Judicial review proceedings are commenced in the High Court. The proceedings are public proceedings. The High Court may maintain a record of the outcome all judicial review proceedings issued. The title of the proceedings will enable an inquirer to determine the identity of the defendant and a request made to see the final order or judgment. Many judicial review judgments are available on the Courts Service website or on http://www.bailii.org/databases.
Mr. Bradshaw: From 1997 to 2005, we landfilled an estimated total of 100.8 million tonnes of biodegradable municipal waste. From 2001-02, which is the first year for which we have reliable figures, to 2004-05, we reduced the amount of that waste sent to landfill from 15.7 million tonnes to 13.9 million tonnes, thanks to the considerable efforts of the Government, local authorities and the public to recycle more waste.
Less of most kinds of waste is being landfilled; the proportion of municipal waste being disposed of in landfill has continued to decrease from 72 per cent. in 2003-04, to 67 per cent. in 2004-05. The actual tonnage of municipal waste disposed of in landfill also decreased again from 20.9 million tonnes in 2003-04 to 19.9 million tonnes in 2004-05. In addition, England is on course to meet its 2005 targets of reducing the amount of commercial and industrial waste landfilled by 15 per cent. against the 1998 figures. However, we have more to do to meet our obligations under the landfill directive to reduce the landfilling of biodegradable municipal waste.
We are working towards challenging targets, but we are beginning to make progress towards them through higher recycling and composting rates for household waste, greater reuse of waste materials, plus work to reduce the amount of waste produced in the first instance.
The Landfill Allowance Trading Scheme, which we established in 2005, is the main measure to help us meet our obligations under the landfill directive to divert the amount of biodegradable municipal waste sent to landfill.
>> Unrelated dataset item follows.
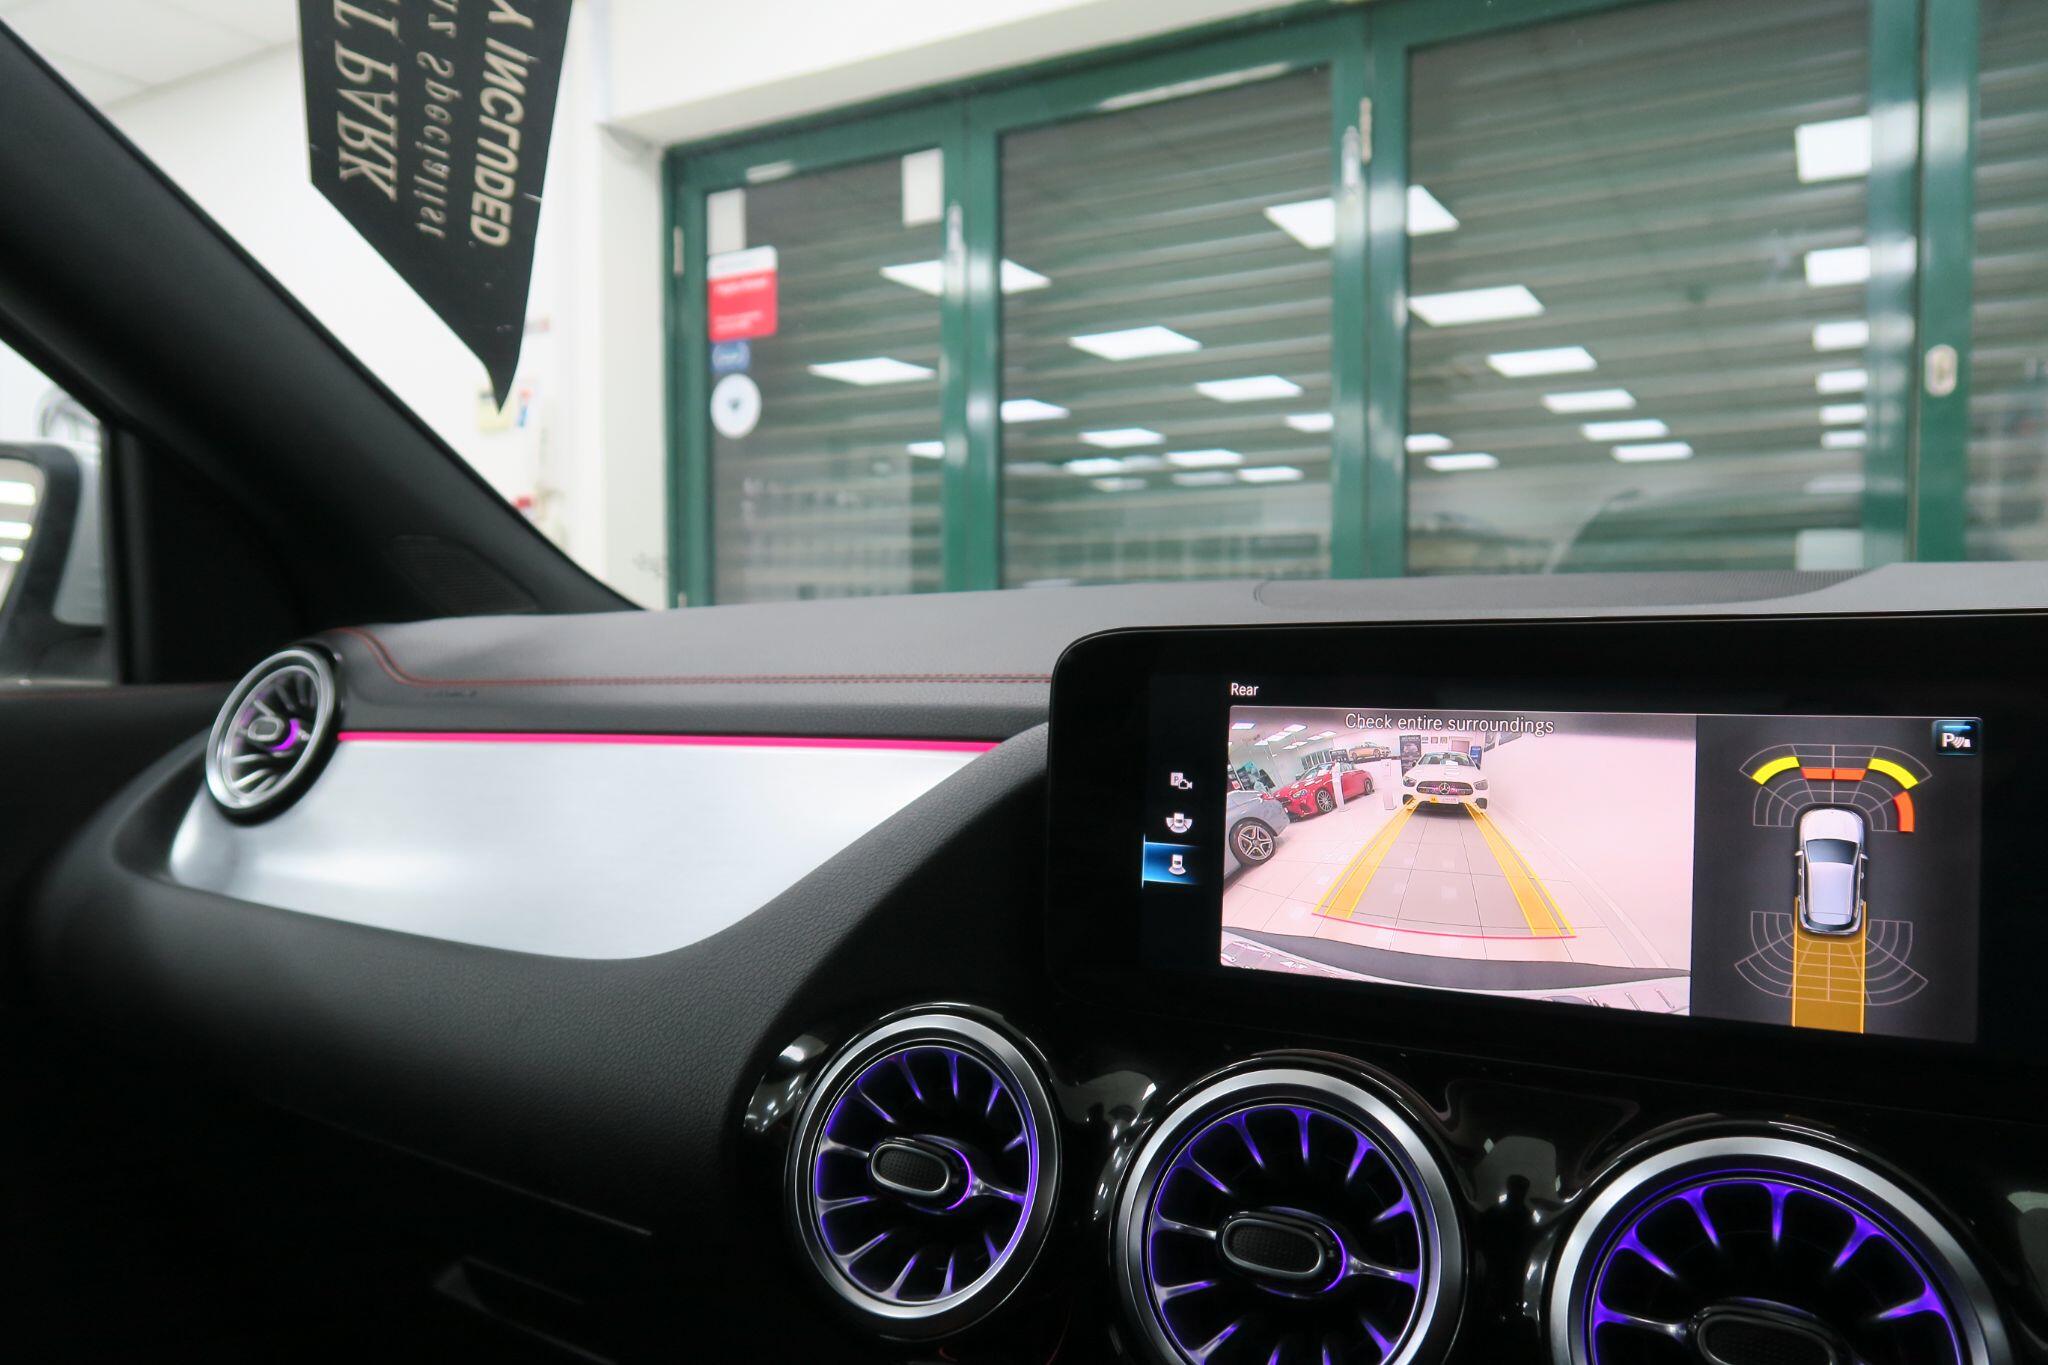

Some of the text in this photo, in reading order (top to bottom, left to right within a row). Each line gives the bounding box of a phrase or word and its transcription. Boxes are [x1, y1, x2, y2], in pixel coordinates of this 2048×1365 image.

[1230, 682, 1259, 696] Rear
[1345, 713, 1555, 737] Check entire surroundings
The continued increase in the rate of landfill tax (rising to £3 per tonne per year from 2005-06, until it reaches £35 per tonne in the medium to long term) is another important instrument in reducing our reliance on landfill and moving to more sustainable waste management options.
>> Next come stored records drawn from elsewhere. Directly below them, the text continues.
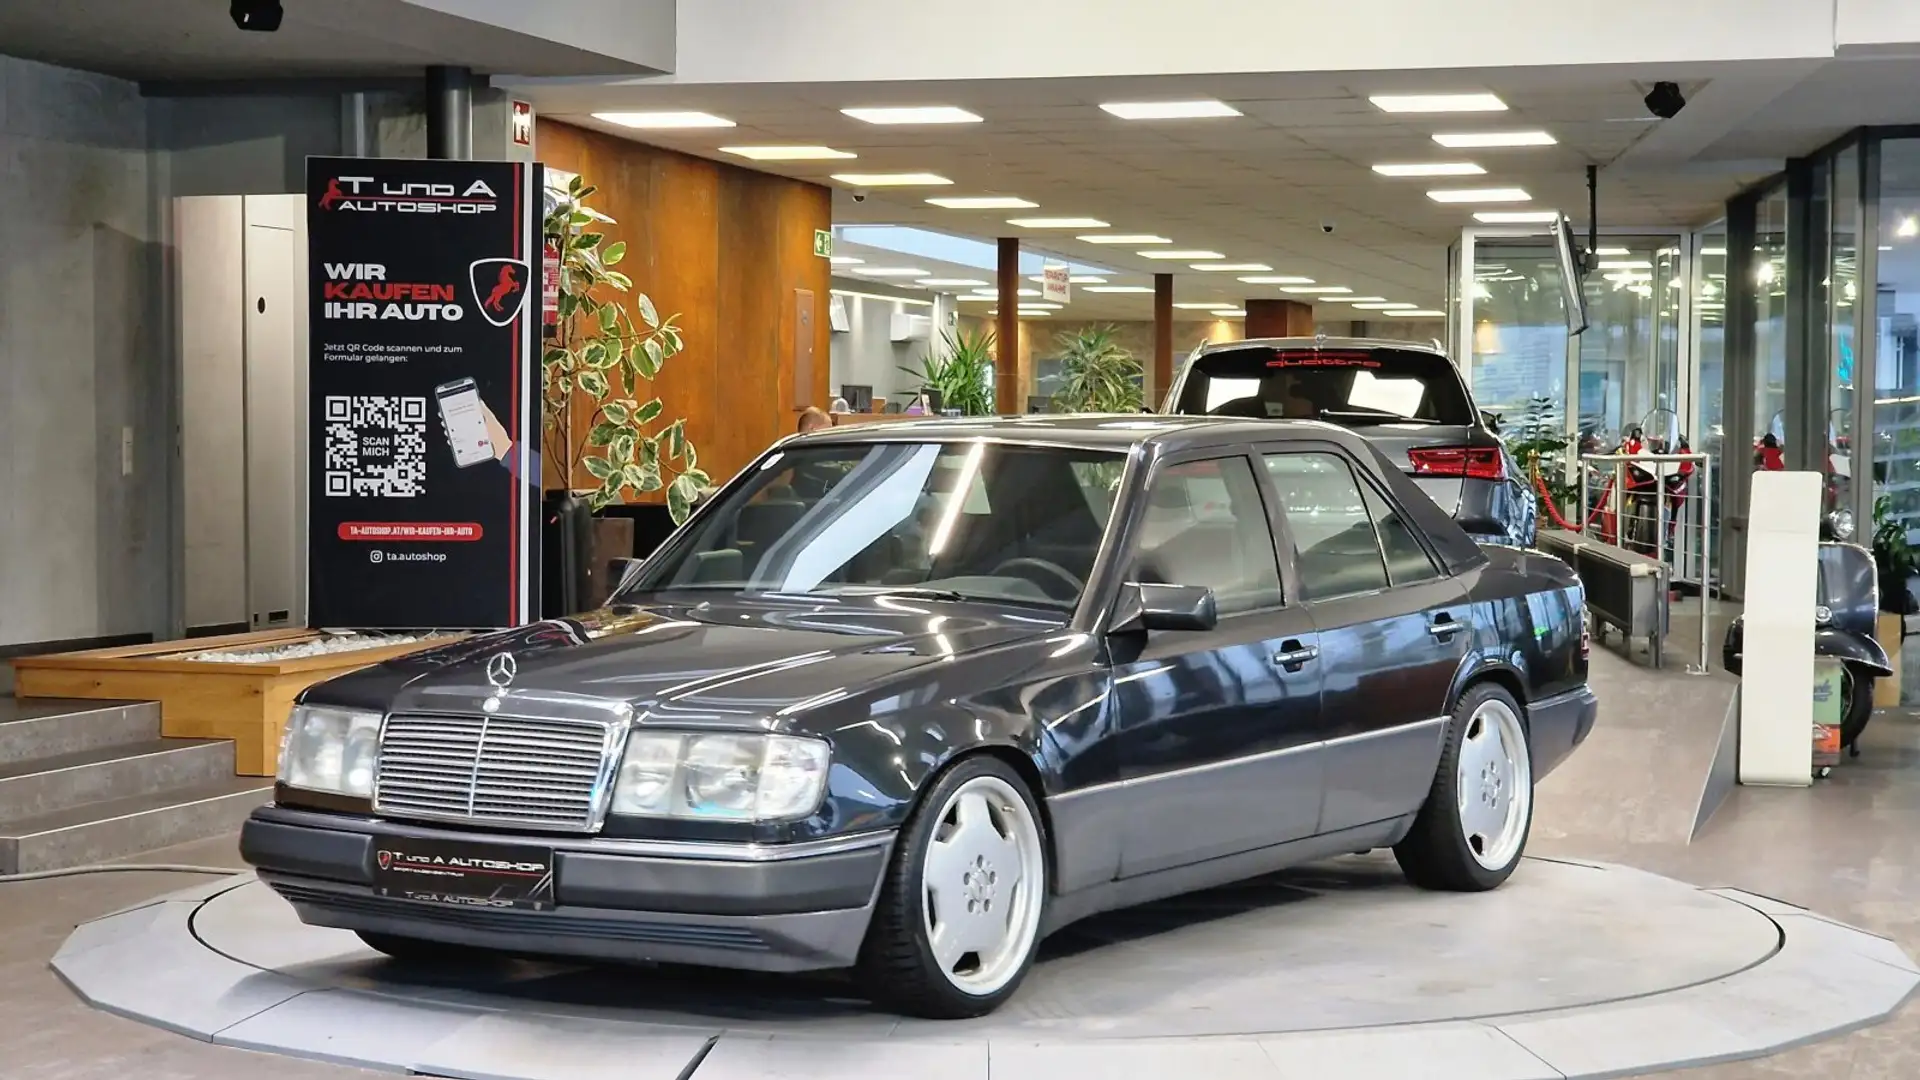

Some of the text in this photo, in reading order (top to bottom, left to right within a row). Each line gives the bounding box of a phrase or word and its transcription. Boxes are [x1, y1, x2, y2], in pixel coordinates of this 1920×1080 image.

[338, 176, 374, 194] T
[462, 180, 497, 198] A
[338, 200, 497, 214] AUTOSHOP
[324, 262, 386, 281] WIR
[324, 282, 454, 301] KAUFEN
[325, 302, 464, 321] IHR AUTO
[324, 343, 345, 352] Jetzt
[346, 343, 360, 352] QR
[362, 343, 384, 352] Code
[386, 345, 423, 353] scannen
[424, 344, 442, 353] und
[324, 353, 408, 364] Formular gelangen:
[1266, 359, 1381, 367] quattro
[362, 436, 390, 446] SCAN
[362, 447, 390, 457] MICH
[387, 551, 447, 563] ta.autoshop
[393, 852, 404, 860] T
[433, 855, 445, 864] A
[449, 858, 545, 871] AUTOSHOP
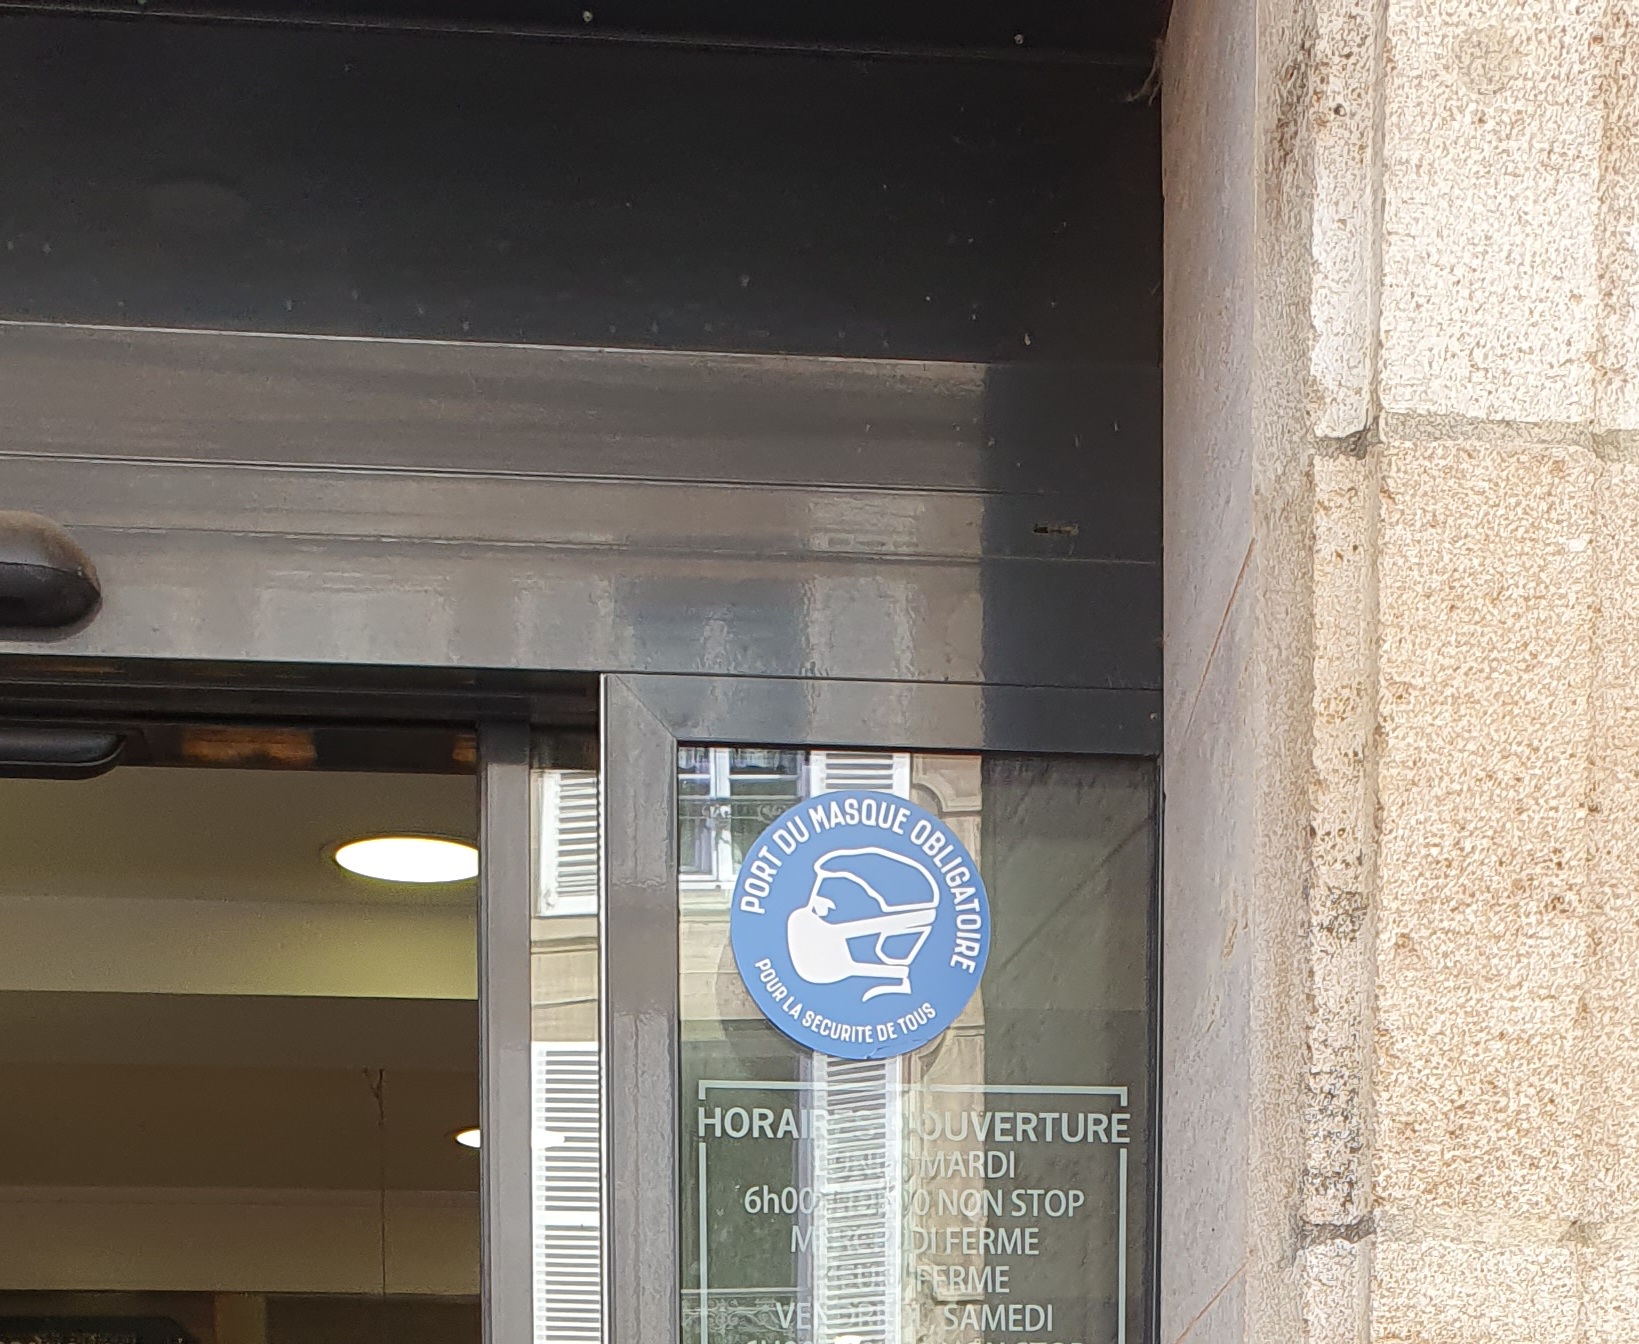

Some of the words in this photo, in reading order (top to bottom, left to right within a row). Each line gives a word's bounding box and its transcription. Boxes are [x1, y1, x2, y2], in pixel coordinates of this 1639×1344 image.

[740, 845, 783, 915] PORT
[772, 816, 810, 855] DU
[808, 798, 912, 836] MASQUE
[910, 819, 982, 974] OBLIGATOIRE
[754, 957, 788, 1003] POUR
[781, 996, 804, 1020] LA
[876, 1023, 898, 1042] DE
[896, 1002, 937, 1035] TOUS
[919, 1150, 1015, 1179] MARDI
[938, 1188, 1003, 1217] NON
[1011, 1189, 1085, 1218] STOP
[946, 1227, 1040, 1256] FERME
[916, 1265, 1010, 1294] FERME
[943, 1303, 1053, 1332] SAMEDI
Revenue from the additional landfill tax is, in turn, being fed into the Business Resource, Efficiency and Waste programme, which is returning £284 million to businesses over three years through resource efficiency and waste minimisation programmes. The programme ensures that while increased landfill tax incentivise businesses to reduce the amount of waste they send to landfill, the advice and assistance is available to them to develop ways to achieve this effectively.
The revised Waste Strategy for England, which we will publish later this year, will outline what steps are being taken, and what more needs to be done, to reduce the amount of waste that is sent to landfill. The public, businesses and Government all have roles to play in following more sustainable waste management practices.